Estimuladas a serem ¨femininas¨ desde pequenas, as meninas passam a se preocupar com roupas e moda, acessórios e mochilas desta ou daquela marca e a eleger na TV ou nas revistas, seus ídolos.
Basta a gente olhar um pátio de escola ou mesmo os corredores do shopping para observar o desfile das meninas.
Outro dia, observei uma menina na entrada de sua escola que tinha tantas presilhas no cabelo que me deu dor de cabeça.
Com roupas apertadas, saltos e umbigo de fora, as meninas passam a imitar as mulheres e descaracterizam sua infância de meninas.
Mas as coisas não param por aí.
Estar acima do peso mesmo na infância é um problema. A criança com sobrepeso ou obesa é, desde cedo, diferenciada das outras e passa a sofrer os prejuízos de sua condição.
Esses prejuízos são claros no grupo que freqüenta, nos esportes e nos relacionamentos, uma vez que nesta fase de desenvolvimento todo mundo quer se dar bem com todo mundo e a moeda forte é a quantidade de amigos.
Nos grupos, dia sim dia não, ouve que é gorda, nos esportes é ¨lerda¨ e nos relacionamentos é santa, sempre boazinha. É claro que, cansada de gozação e ultrajes, faz que não liga, que não gosta de esportes, de usar roupas da moda - só usa calça, camiseta e tênis - e passa a agir como diferente, fica introvertida e sofre. Sabemos também, que esse sofrimento pode aparecer de outra maneira. Com atitudes exageradas, indisciplina, desatenção nos estudos e até recusa escolar, a menina também está mostrando como vive seus desafetos.
E os pais, o que podem fazer?
Ser pai ou mãe de meninas é uma delícia que merece cuidados a mais. Muito pequenas, parecem meninos: brincam, jogam, pulam e se divertem sem se darem conta de que são diferentes. Mas basta crescerem um pouco que a situação muda e a migração para o amplo mundo feminino começa. Os pais passam a ser mais zelosos e as mães mais preocupadas e naturalmente a menina percebe, mas não entende.
No aspecto físico, os pais normalmente atribuem o aumento de peso à fase de desenvolvimento da criança, mas as coisas não são bem assim. Orientados por seus pediatras, os eles não gostam de ouvir que seus filhos estão acima dos padrões esperados para aquela idade.
Relutam em aceitar que os pequenos precisam ser tolhidos de seus alimentos preferidos e morrem de dó.

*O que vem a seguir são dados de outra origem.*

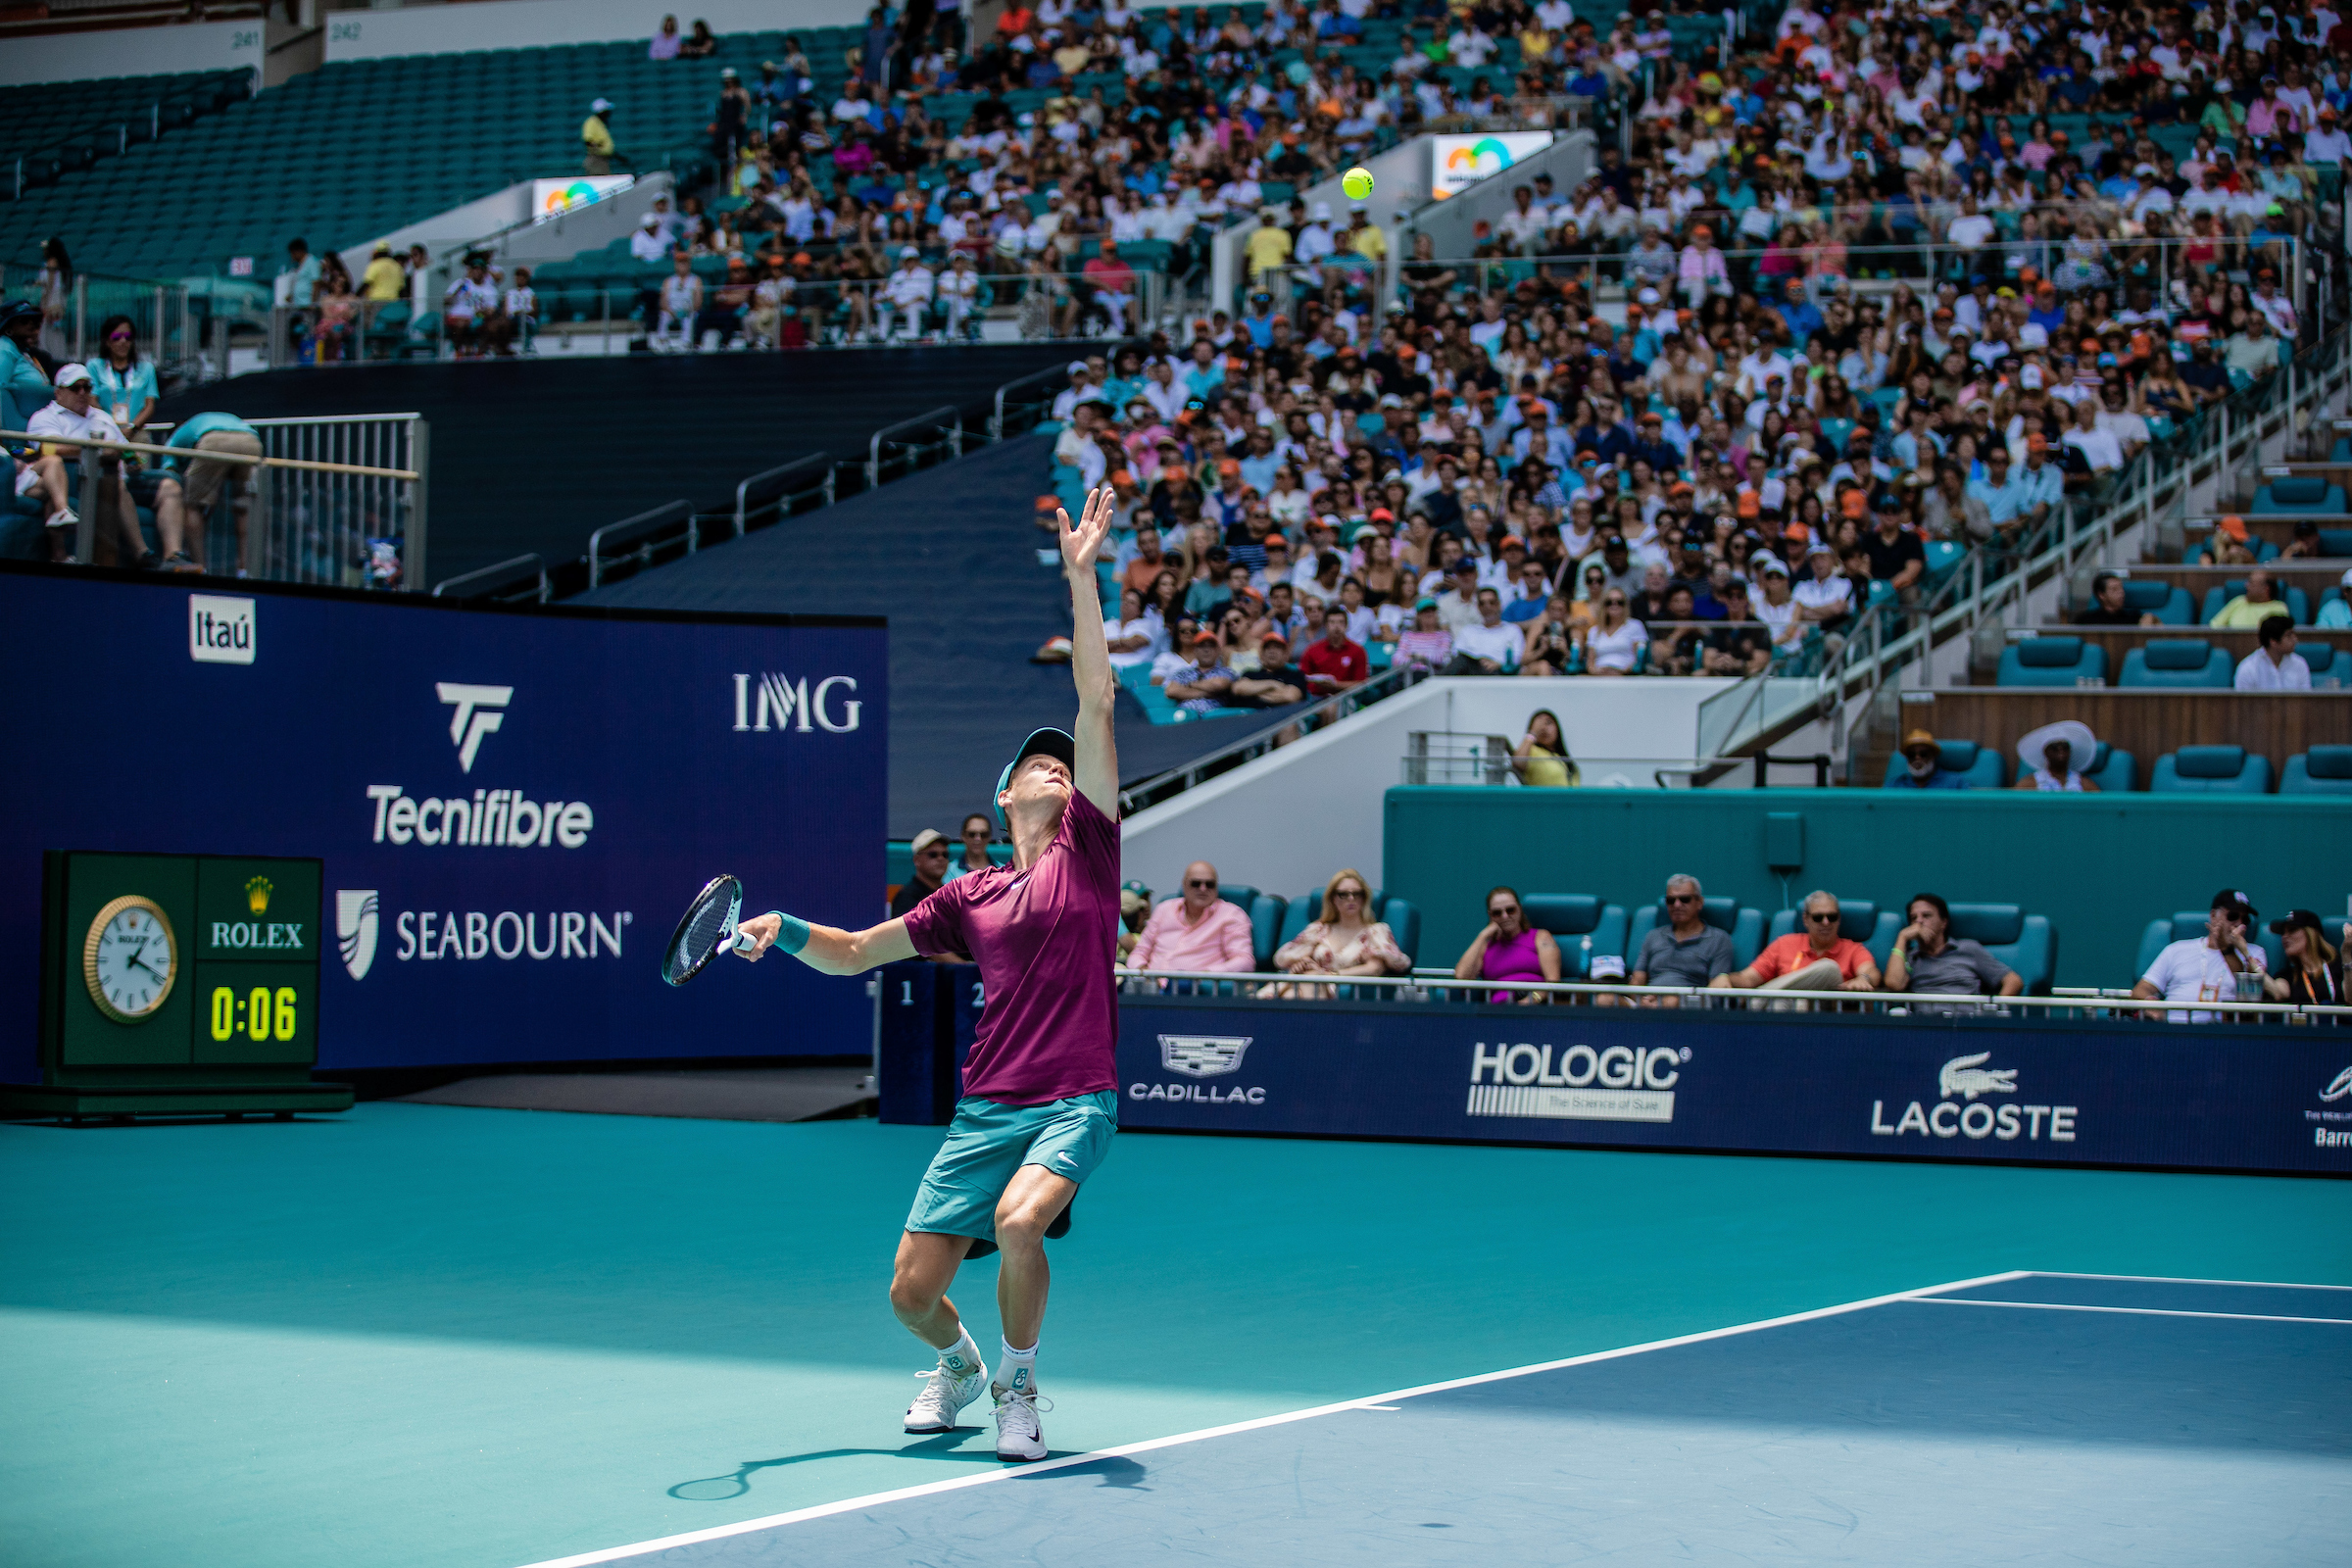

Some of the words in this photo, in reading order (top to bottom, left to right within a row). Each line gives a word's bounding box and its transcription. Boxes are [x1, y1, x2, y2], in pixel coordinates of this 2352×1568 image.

[197, 610, 250, 649] Itaú
[732, 670, 864, 733] IMG
[367, 784, 594, 849] Tecnifibre
[210, 921, 304, 949] ROLEX
[900, 980, 914, 1005] 1
[971, 982, 985, 1007] 2
[211, 986, 298, 1042] 0:06
[1129, 1082, 1267, 1105] CADILLAC
[1871, 1100, 2079, 1142] LACOSTE

Todos nós sabemos que crianças adoram guloseimas e que os pais adoram comprá-las. As prateleiras de doces, iogurtes, salgadinhos, balas e as bolachas mais caras e recheadas, sempre estão na altura e ao alcance delas e, uma vez na mão dos pequenos é quase impossível dizer não. Além do mais, na infância o mito do ¨tudo pode¨ e que se forem negados os alimentos a criança vai ficar doente, é fato.

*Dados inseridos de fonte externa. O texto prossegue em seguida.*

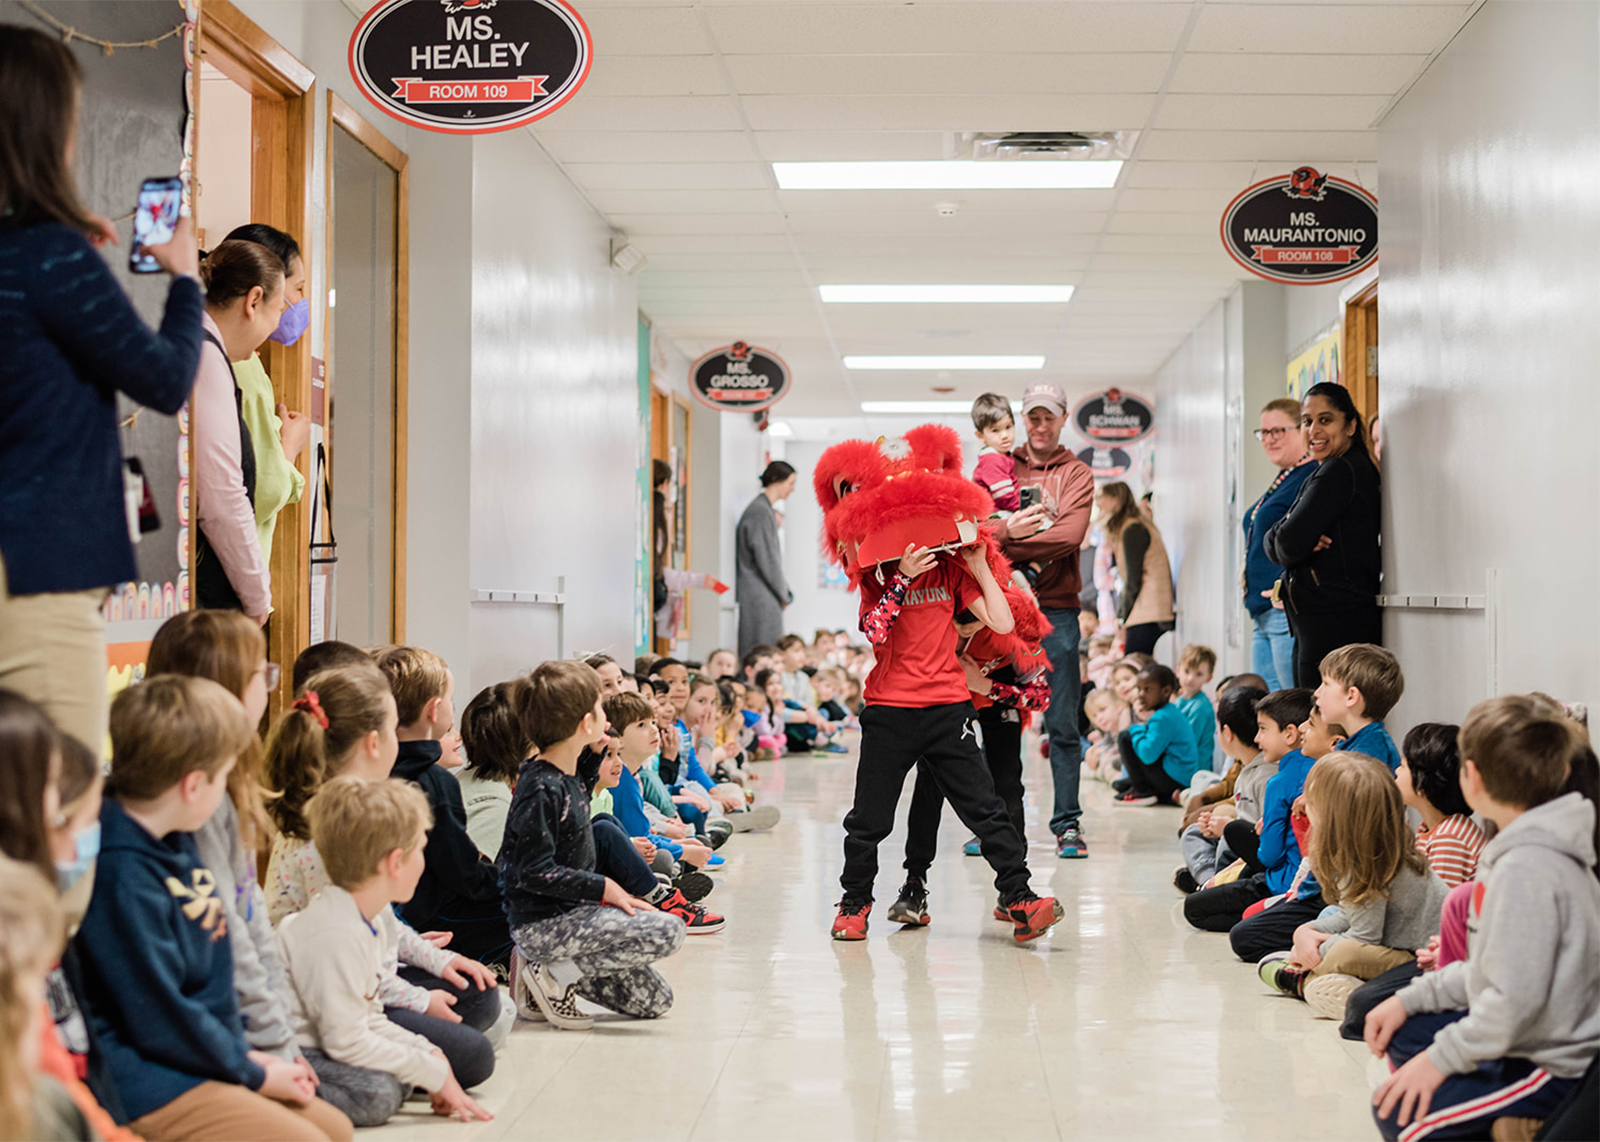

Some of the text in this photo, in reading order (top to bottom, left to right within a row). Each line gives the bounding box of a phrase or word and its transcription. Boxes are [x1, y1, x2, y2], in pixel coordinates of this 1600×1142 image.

Mas a criança acaba não passando vontade dos alimentos e passando vontade de carinho, de respeito e de afeto.
Cuidar das meninas é poder olhar para dentro delas, é perceber suas necessidades reais, é ajudá-las a sentirem-se bem e integradas com seu corpo e não menosprezar a importância que a sociedade dá a isso.
Alimentar as meninas corretamente, inibir seus abusos alimentares, não solucionar suas frustrações com doces e incentivá-las nos esportes é, sem dúvida, a maior expressão de amor que os pais podem dar às futuras mulheres, que um dia, de frente para o espelho, vão lembrar deles e se sentirem amadas por elas também.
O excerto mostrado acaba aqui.